**Instructions to follow**
Output the whole listing below exactly, omitting the images.
BEGIN Information shown
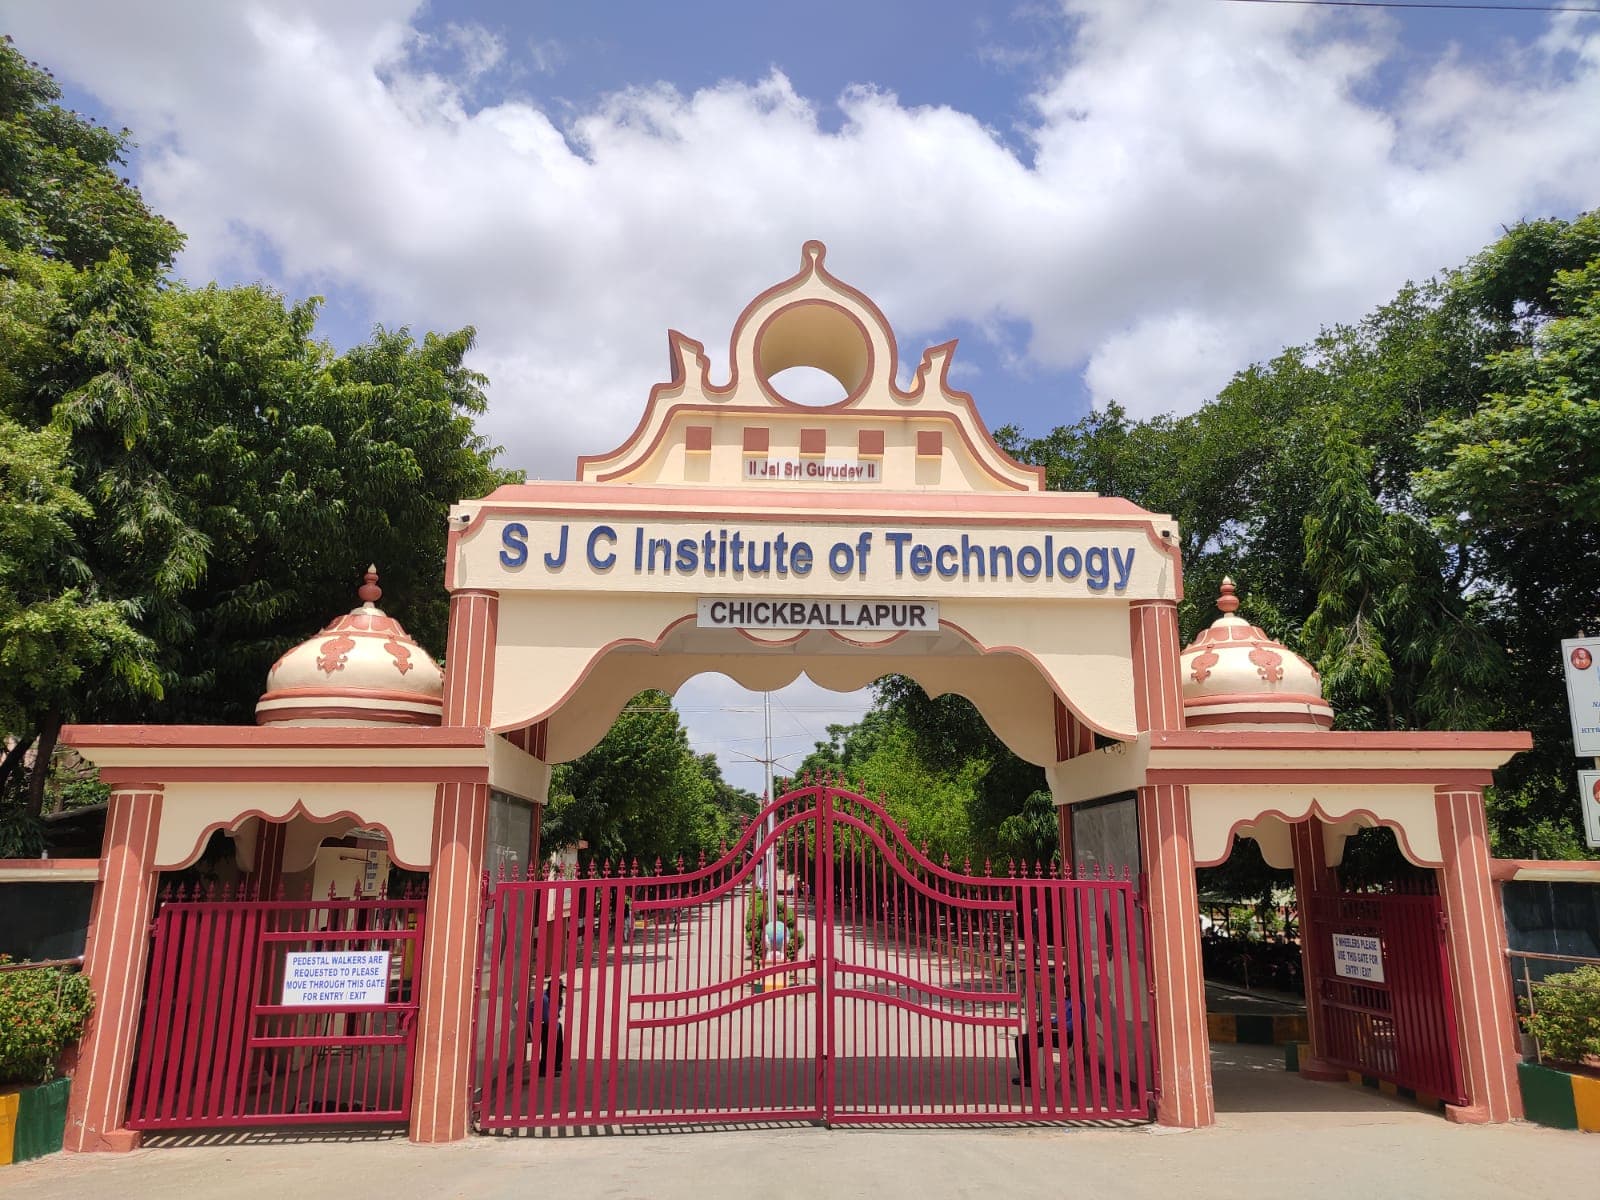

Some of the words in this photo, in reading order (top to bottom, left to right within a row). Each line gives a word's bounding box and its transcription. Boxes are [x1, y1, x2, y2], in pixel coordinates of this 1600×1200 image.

[806, 462, 863, 478] Gurudev
[634, 528, 813, 574] Institute
[829, 532, 872, 575] of
[885, 532, 1136, 591] Technology
[710, 602, 927, 627] CHICKBALLAPUR
[293, 956, 329, 966] PEDESTAL
[331, 955, 367, 965] WALKERS
[368, 954, 383, 964] ARE
[1347, 951, 1357, 962] THIS
[1357, 953, 1369, 964] GATE
[294, 968, 338, 977] REQUESTED
[340, 968, 350, 977] TO
[352, 967, 379, 976] PLEASE
[286, 980, 307, 990] MOVE
[309, 980, 345, 989] THROUGH
[347, 979, 364, 988] THIS
[366, 979, 385, 988] GATE
[303, 992, 318, 1001] FOR
[319, 991, 343, 1001] ENTRY
[350, 991, 367, 1000] EXIT
END Information shown
**Response for this exercise**
Some of the words in this photo, in reading order (top to bottom, left to right within a row). Each line gives a word's bounding box and its transcription. Boxes are [x1, y1, x2, y2], in pixel coordinates of this 1600×1200 image.

[806, 462, 863, 478] Gurudev
[634, 528, 813, 574] Institute
[829, 532, 872, 575] of
[885, 532, 1136, 591] Technology
[710, 602, 927, 627] CHICKBALLAPUR
[293, 956, 329, 966] PEDESTAL
[331, 955, 367, 965] WALKERS
[368, 954, 383, 964] ARE
[1347, 951, 1357, 962] THIS
[1357, 953, 1369, 964] GATE
[294, 968, 338, 977] REQUESTED
[340, 968, 350, 977] TO
[352, 967, 379, 976] PLEASE
[286, 980, 307, 990] MOVE
[309, 980, 345, 989] THROUGH
[347, 979, 364, 988] THIS
[366, 979, 385, 988] GATE
[303, 992, 318, 1001] FOR
[319, 991, 343, 1001] ENTRY
[350, 991, 367, 1000] EXIT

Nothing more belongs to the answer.